On 03/14/2013 11:37 AM, Javier Martinez Canillas wrote:
> On Thu, Mar 14, 2013 at 4:48 PM, Jon Hunter <jon-hunter@xxxxxx> wrote:
>> Hi Javier,
>>
>> On 03/14/2013 10:09 AM, Javier Martinez Canillas wrote:
>>> Besides being used to interface with external memory devices,
>>> the General-Purpose Memory Controller can be used to connect
>>> Pseudo-SRAM devices such as ethernet controllers to OMAP2+
>>> processors using the TI GPMC as a data bus.
>>>
>>> This patch allows an ethernet chip to be defined as an GPMC
>>> child device node.
>>>
>>> Signed-off-by: Javier Martinez Canillas <javier.martinez@xxxxxxxxxxxxxxx>
>>> ---
>>>  Documentation/devicetree/bindings/net/gpmc-eth.txt |   90 ++++++++++++++++++++
>>>  arch/arm/mach-omap2/gpmc.c                         |    8 ++
>>>  2 files changed, 98 insertions(+), 0 deletions(-)
>>>  create mode 100644 Documentation/devicetree/bindings/net/gpmc-eth.txt
>>>
>>> diff --git a/Documentation/devicetree/bindings/net/gpmc-eth.txt b/Documentation/devicetree/bindings/net/gpmc-eth.txt
>>> new file mode 100644
>>> index 0000000..c45363c
>>> --- /dev/null
>>> +++ b/Documentation/devicetree/bindings/net/gpmc-eth.txt
>>> @@ -0,0 +1,90 @@
>>> +Device tree bindings for Ethernet chip connected to TI GPMC
>>> +
>>> +Besides being used to interface with external memory devices, the
>>> +General-Purpose Memory Controller can be used to connect Pseudo-SRAM devices
>>> +such as ethernet controllers to processors using the TI GPMC as a data bus.
>>> +
>>> +Ethernet controllers connected to TI GPMC are represented as child nodes of
>>> +the GPMC controller with an "ethernet" name.
>>> +
>>> +All timing relevant properties as well as generic GPMC child properties are
>>> +explained in a separate documents.

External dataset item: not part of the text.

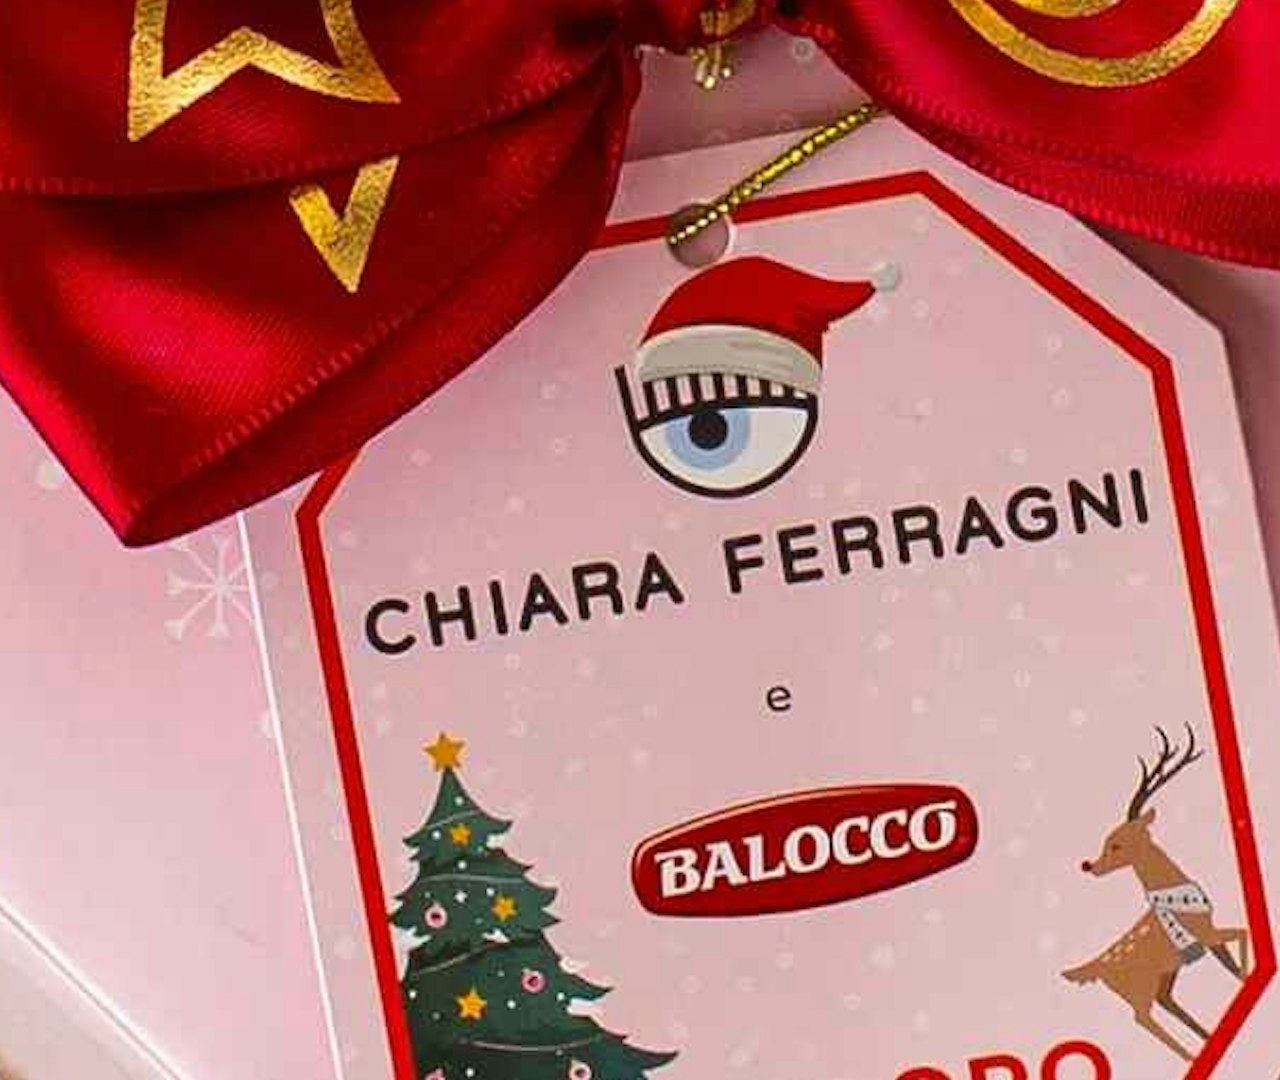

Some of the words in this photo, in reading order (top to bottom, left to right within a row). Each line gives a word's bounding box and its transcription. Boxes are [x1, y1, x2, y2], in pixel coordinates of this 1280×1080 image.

[365, 552, 684, 655] CHIARA
[722, 468, 1148, 594] FERRAGNI
[766, 685, 791, 712] e
[654, 800, 957, 897] BALOCCO

Please refer to
>>> +Documentation/devicetree/bindings/bus/ti-gpmc.txt
>>> +
>>> +Required properties:
>>> +- bank-width:                Address width of the device in bytes. GPMC supports 8-bit
>>> +                     and 16-bit devices and so must be either 1 or 2 bytes.
>>
>> I am wondering if we should use reg-io-width here. The smsc driver is
>> using this to determine the width of the device. And so I am wondering
>> if this could cause problems.
>>
>> Obviously this complicates gpmc_probe_generic_child() a little, but may
>> be would could pass the name of the width property to
>> gpmc_probe_generic_child() as well. What do you think?
>>
> 
> Hi Jon,
> 
> Well now I'm confused. I thought that both were needed since a
> combination of bank-width 16-bit / reg-io-width 32-bit is also
> possible (in fact that is how I'm testing on my IGEPv2) and we have
> talked about this before [1].

Yes you are right. Sorry about that ...

> By reading both the OMAP3 TRM and the smsc LAN9221 data-sheet, it
> seems that the reg-io-width is not about the data bus address width
> but the CPU address width. The smsc data-sheet says:
> 
> "The simple, yet highly functional host bus interface provides a
> glue-less connection to most common 16-bit microprocessors and
> microcontrollers as well as 32-bit microprocessors with a 16-bit
> external bus"
> 
> By looking at the smsc911x driver
> (drivers/net/ethernet/smsc/smsc911x.c) I see that if you use
> reg-io-width = <4> (SMSC911X_USE_32BIT) then the smsc911x hardware
> registers can be read in one operation and if you use reg-io-width =
> <2> (SMSC911X_USE_16BIT) then you need two operations to read the
> register:
> 
> static inline u32 __smsc911x_reg_read(struct smsc911x_data *pdata, u32 reg)
> {
> 	if (pdata->config.flags & SMSC911X_USE_32BIT)
> 		return readl(pdata->ioaddr + reg);
> 
> 	if (pdata->config.flags & SMSC911X_USE_16BIT)
> 		return ((readw(pdata->ioaddr + reg) & 0xFFFF) |
> 			((readw(pdata->ioaddr + reg + 2) & 0xFFFF) << 16));
> 
> 	BUG();
> 	return 0;
> }

Looking at the above, then I don't see any issue with this then.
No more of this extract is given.